The metadata registry will be compiled with an agreed-upon version of Solidity and deployed using the trustless deployment mechanism to a fixed address that can be replicated across all chains.
Provider specification
Providers may implement any subset of the metadata record types specified here. Where a record types specification requires a provider to provide multiple functions, the provider MUST implement either all or none of them. Providers MUST throw if called with an unsupported function ID.
Providers have one mandatory function:
function supportsInterface(bytes4 interfaceID) constant returns (bool)
The supportsInterface
function is documented in EIP-165, and returns true if the provider implements the interface specified by the provided 4 byte identifier. An interface identifier consists of the XOR of the function signature hashes of the functions provided by that interface; in the degenerate case of single-function interfaces, it is simply equal to the signature hash of that function. If a provider returns true
for supportsInterface()
, it must implement the functions specified in that interface.
supportsInterface
must always return true for 0x01ffc9a7
, which is the interface ID of supportsInterface
itself.
The first argument to all provider functions MUST be the address being queried; this facilitates the creation of multi-user provider contracts.
Currently standardised provider interfaces are specified in the table below.

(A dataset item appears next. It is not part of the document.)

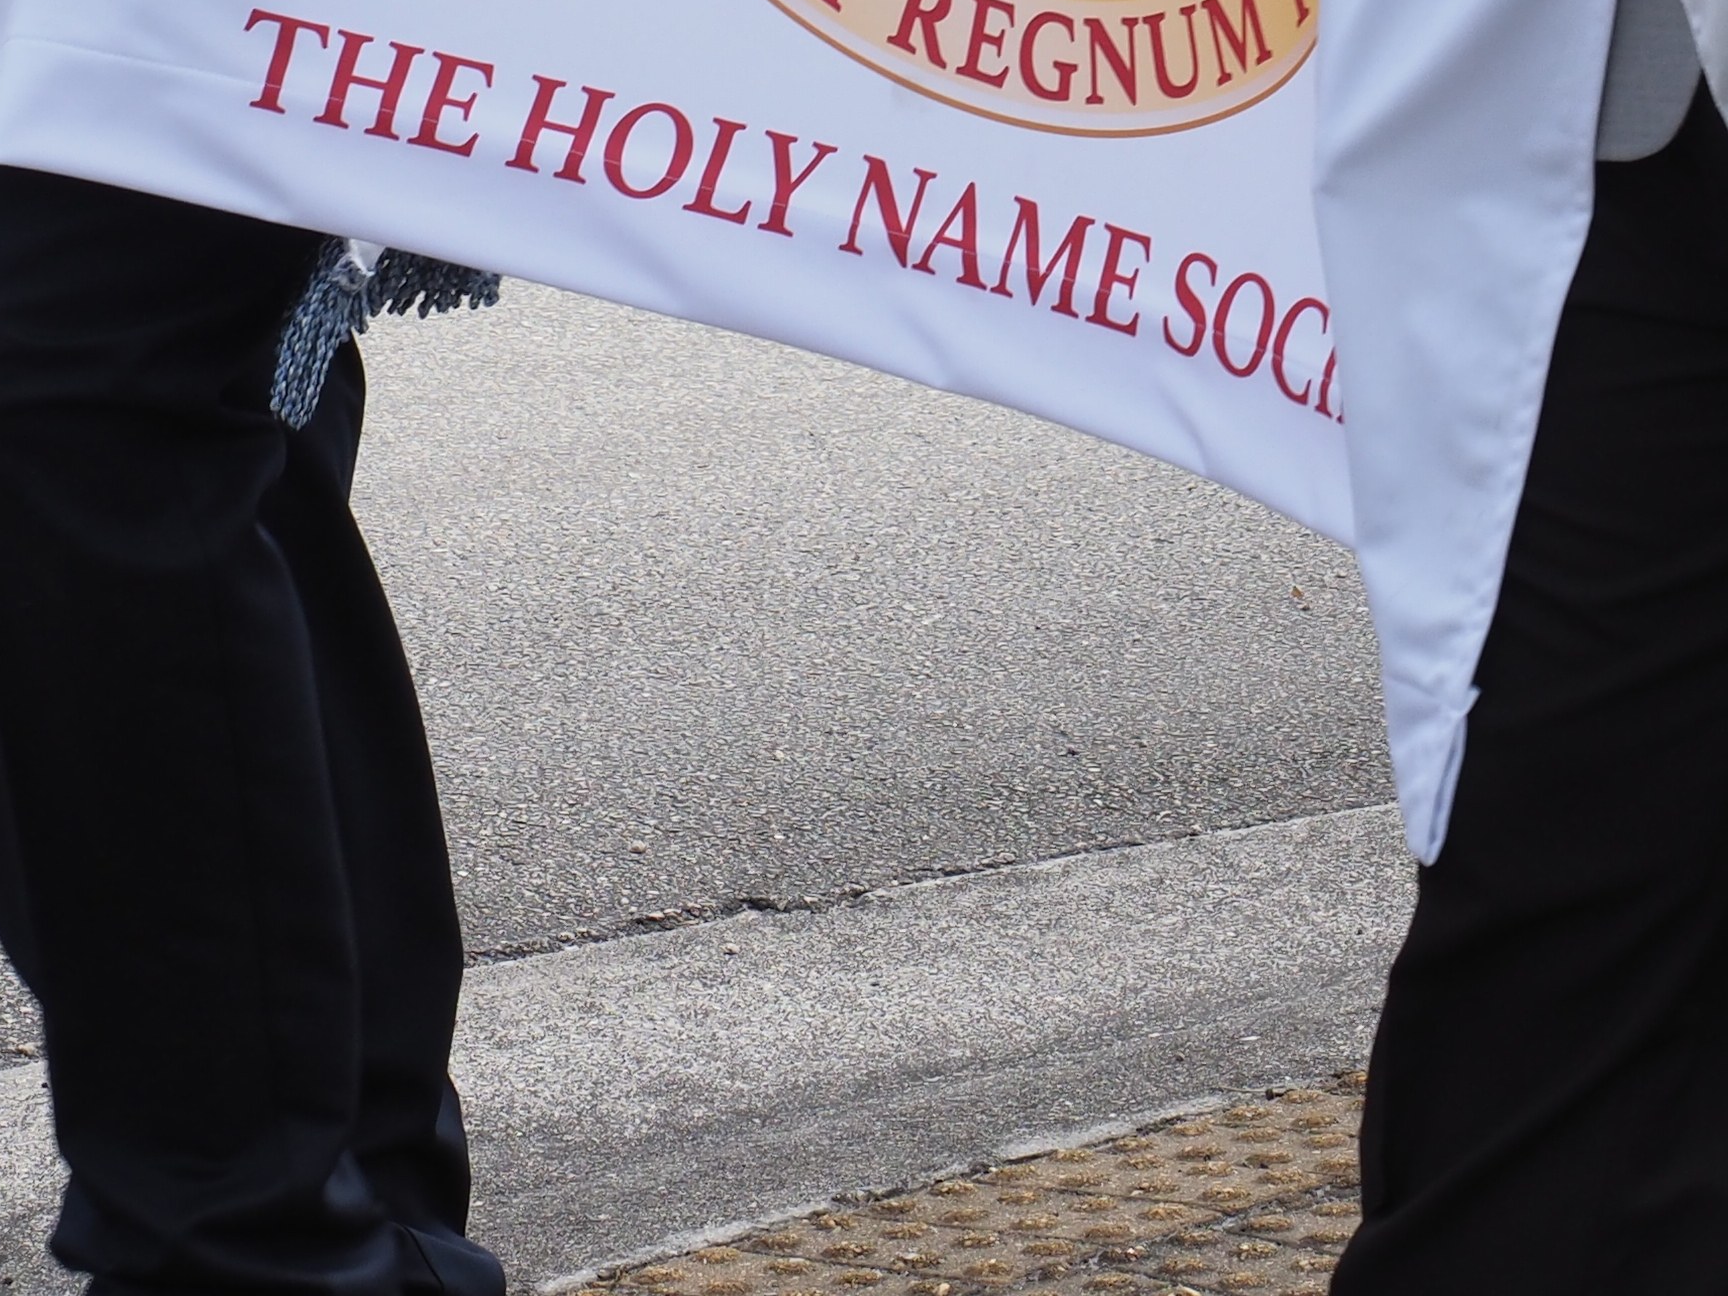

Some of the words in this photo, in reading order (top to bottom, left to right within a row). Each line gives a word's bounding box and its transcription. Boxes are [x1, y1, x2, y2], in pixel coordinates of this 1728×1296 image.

[244, 7, 495, 159] THE
[504, 73, 839, 239] HOLY
[838, 153, 1152, 338] NAME
[1162, 251, 1345, 425] SOCI

Interface name | Interface hash | Specification |
---|
EIPs may define new interfaces to be added to this registry.
Rationale
There are two obvious approaches for a generic metadata registry: the indirection approach employed here, or a generalised key/value store. While indirection incurs the cost of an additional contract call, and requires providers to change over time, it also provides for significantly enhanced flexibility over a key/value store; for that reason we selected this approach.
Backwards Compatibility
There are no backwards compatibility concerns.
Implementation
The canonical implementation of the metadata registry is as follows:
contract AddressMetadataRegistry {
mapping(address=>address) public provider;
function setProvider(address _provider) {
provider[msg.sender] = _provider;
}
}
Copyright
Copyright and related rights waived via CC0.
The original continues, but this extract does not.